Ys VI : The Ark of Napishtim
Eh les mecs, je cherche un nom impossible à retenir, à écrire et à prononcer pour le prochain Ys!
Vous avez une idée?




Adol au pays des monolithes noirs!


Ys V étant sorti à la grande période 3D du monde des jeux vidéo, je place peu d'espoir sur son éventuel succès commercial.
Alors, il est comme ça Falcom, il fait la gueule, se concentre sur des rééditions (la sortie des fameux Ys I & II Complete!) ou son autre série de RPG : The Legend of Heroes.
Malgré tout, 8 ans plus tard, en 2003, vint au monde Ys VI qui marquera la génération future de la série.

Lorsque Adol se la joue ChrYstophe Colomb

Voici la carte du monde de Ys. L'un des grands points fort de la série à mon sens est d'offrir toujours une histoire, certes classique mais d'une grande cohérence par rapport aux autres opus. Falcom ne choisit ni la solution "Oui, alors au fait, ça se passe 1000 ans après, le héros a la même tête, mais c'est pas le même héros tout de même", ni la solution "Ouais non mais la suite a aucun lien avec les anciens en fait". Ainsi, depuis plus de 20 ans que la série existe, on a toujours une histoire cohérente entre tous les opus. Mis à part Castlevania voire à l'extrême limite Megaman, je ne vois aucune série proposant cela. Le monde en lui-même est très cohérent puisque chaque opus se passe sur une partie précise du monde. Un monde ressemblant étrangement au notre par ailleurs...

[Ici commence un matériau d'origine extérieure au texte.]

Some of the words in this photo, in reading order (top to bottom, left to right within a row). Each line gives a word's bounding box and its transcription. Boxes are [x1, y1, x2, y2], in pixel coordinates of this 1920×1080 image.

Il manque tout de même deux trois épisodes... Mais l'intention y est non?


Nous pouvons observer qu'Ys VI se déroule très très près du nouveau continent. Sans l'atteindre toutefois! Un vortex géant empêche les bateaux de trop s'en approcher. Adol l'a testé à ses dépends (euh, si j'ai bien compris, le début du jeu est assez vague là dessus...) et le voilà échoué sur la plage, recueilli peu de temps après par de forts jolies autochtones. Une intrigue appelant à des forces divines, des filles probablement à sauver plus tard, une nouvelle contrée à explorer. 8 ans après, on reconnaît bien un Ys! Ceci dit, sortir un jeu aussi "old school" à l'époque des GTA, des Kingdom Hearts et autres jeux dont la liberté d'action et les graphismes sont bien supérieurs a fait grincer des dents à plus d'un. Ys VI reste au niveau du scénario et des évènements comme le seraient les vieux Ys, ce choix fait par Falcom est loin de plaire à tout le monde et ce malgré un grand succès dans sa version PC au Japon. Ys VI a rencontré fort peu de considération de la part du public occidental.
Car oui, le jeu est bien sorti chez nous, j'en parlerai plus tard, pour l'heure concentrons-nous sur le soft en lui-même.

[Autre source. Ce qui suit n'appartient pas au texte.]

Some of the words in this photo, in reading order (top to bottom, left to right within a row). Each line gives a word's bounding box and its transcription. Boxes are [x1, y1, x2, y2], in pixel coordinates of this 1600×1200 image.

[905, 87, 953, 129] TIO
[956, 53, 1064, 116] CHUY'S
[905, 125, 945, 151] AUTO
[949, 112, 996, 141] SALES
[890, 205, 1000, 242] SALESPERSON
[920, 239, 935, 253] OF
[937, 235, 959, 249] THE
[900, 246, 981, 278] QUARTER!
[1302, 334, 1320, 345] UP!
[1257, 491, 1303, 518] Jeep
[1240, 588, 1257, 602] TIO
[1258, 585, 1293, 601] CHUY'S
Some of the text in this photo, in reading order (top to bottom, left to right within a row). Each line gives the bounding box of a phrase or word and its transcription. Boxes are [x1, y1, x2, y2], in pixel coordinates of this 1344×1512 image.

Un moteur totalement renouvelé.

Ys est devenu un jeu en 3D avec des sprites 2D pour un résultat qui, personnellement, me convint tout à fait. C'est très joli sans nous servir de l'overdose graphique. Ceux qui ont lu la partie 1 de mon dossier l'ont sans doute déjà compris, il s'agit du même moteur que The Oath in Felghana, ce dernier l'ayant repris a son compte.


Les décors savent être plutôt impressionnants et appréciables. Ils sont même pas "aliasés" contrairement à ce que voudraient vous faire croire cette image jpg...


Mon grand problème, du coup, a surement été d'avoir fait The Oath avant Ys VI. Adol me paraissait en effet bien plus "pataud" avec son combo de trois coups dans cette dernière version. Il n'y a pas non plus de magie permettant de diversifier très franchement le gameplay ce qui m'a fait un manque considérable.
Pour unique subtilité de gameplay : Trois armes possédant chacune des propriétés élémentaires différentes. Outre un combo de rapidité et d'amplitude différente, chaque arme possède une sorte de "coup spécial" demandant soit d'appuyer dans un rythme précis pour la première épée, soit de concentrer en gardant le bouton enfoncé avec la seconde, soit enfin en tapotant longuement sur le bouton en allant vers une direction pour la dernière.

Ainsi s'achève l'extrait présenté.